*** Opening of MATERIAL FOR THE TASK ***
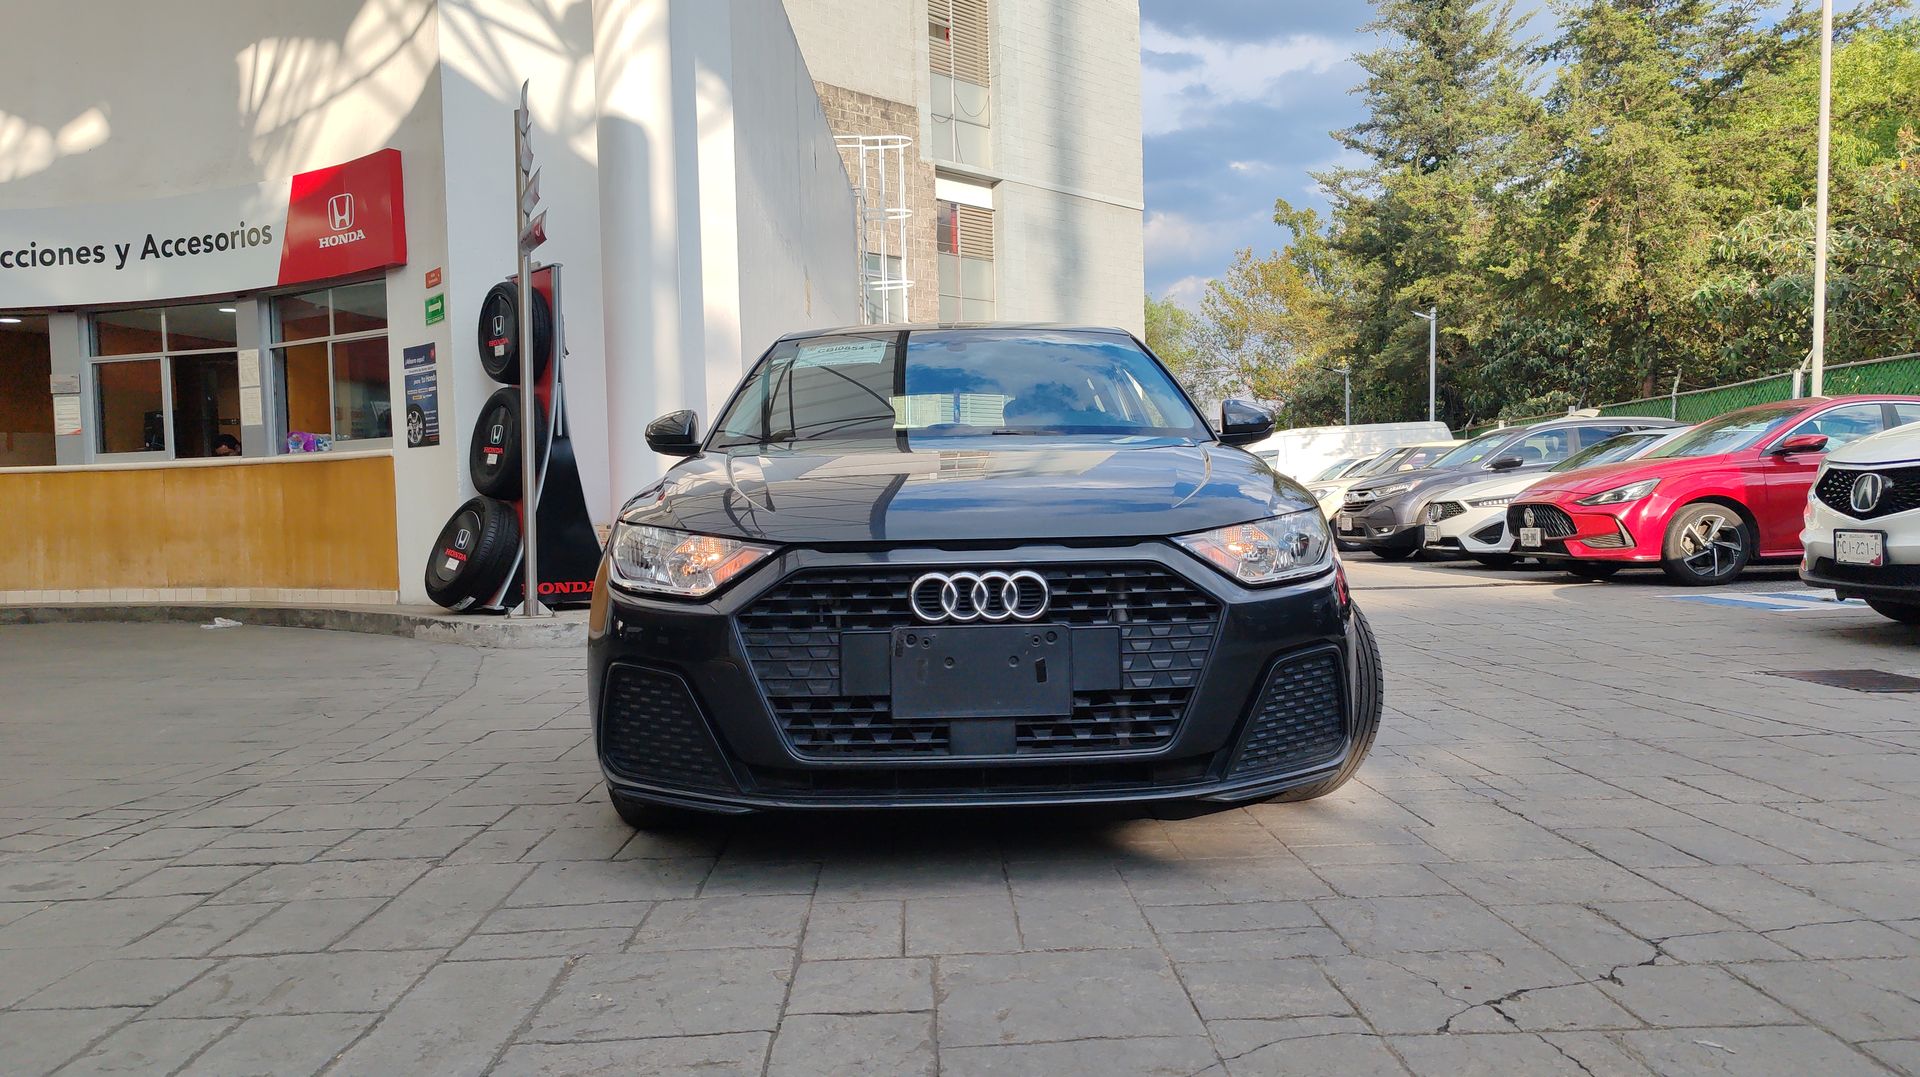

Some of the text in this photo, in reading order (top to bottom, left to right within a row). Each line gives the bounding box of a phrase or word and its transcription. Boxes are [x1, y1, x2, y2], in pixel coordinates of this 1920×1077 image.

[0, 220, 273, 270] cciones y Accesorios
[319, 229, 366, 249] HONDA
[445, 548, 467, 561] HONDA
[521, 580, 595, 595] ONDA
*** Close of MATERIAL FOR THE TASK ***
WHAT YOU HAVE TO DO —
Write the lines above out again exactly, excluding every picture.

RESULT BELOW —
Some of the text in this photo, in reading order (top to bottom, left to right within a row). Each line gives the bounding box of a phrase or word and its transcription. Boxes are [x1, y1, x2, y2], in pixel coordinates of this 1920×1077 image.

[0, 220, 273, 270] cciones y Accesorios
[319, 229, 366, 249] HONDA
[445, 548, 467, 561] HONDA
[521, 580, 595, 595] ONDA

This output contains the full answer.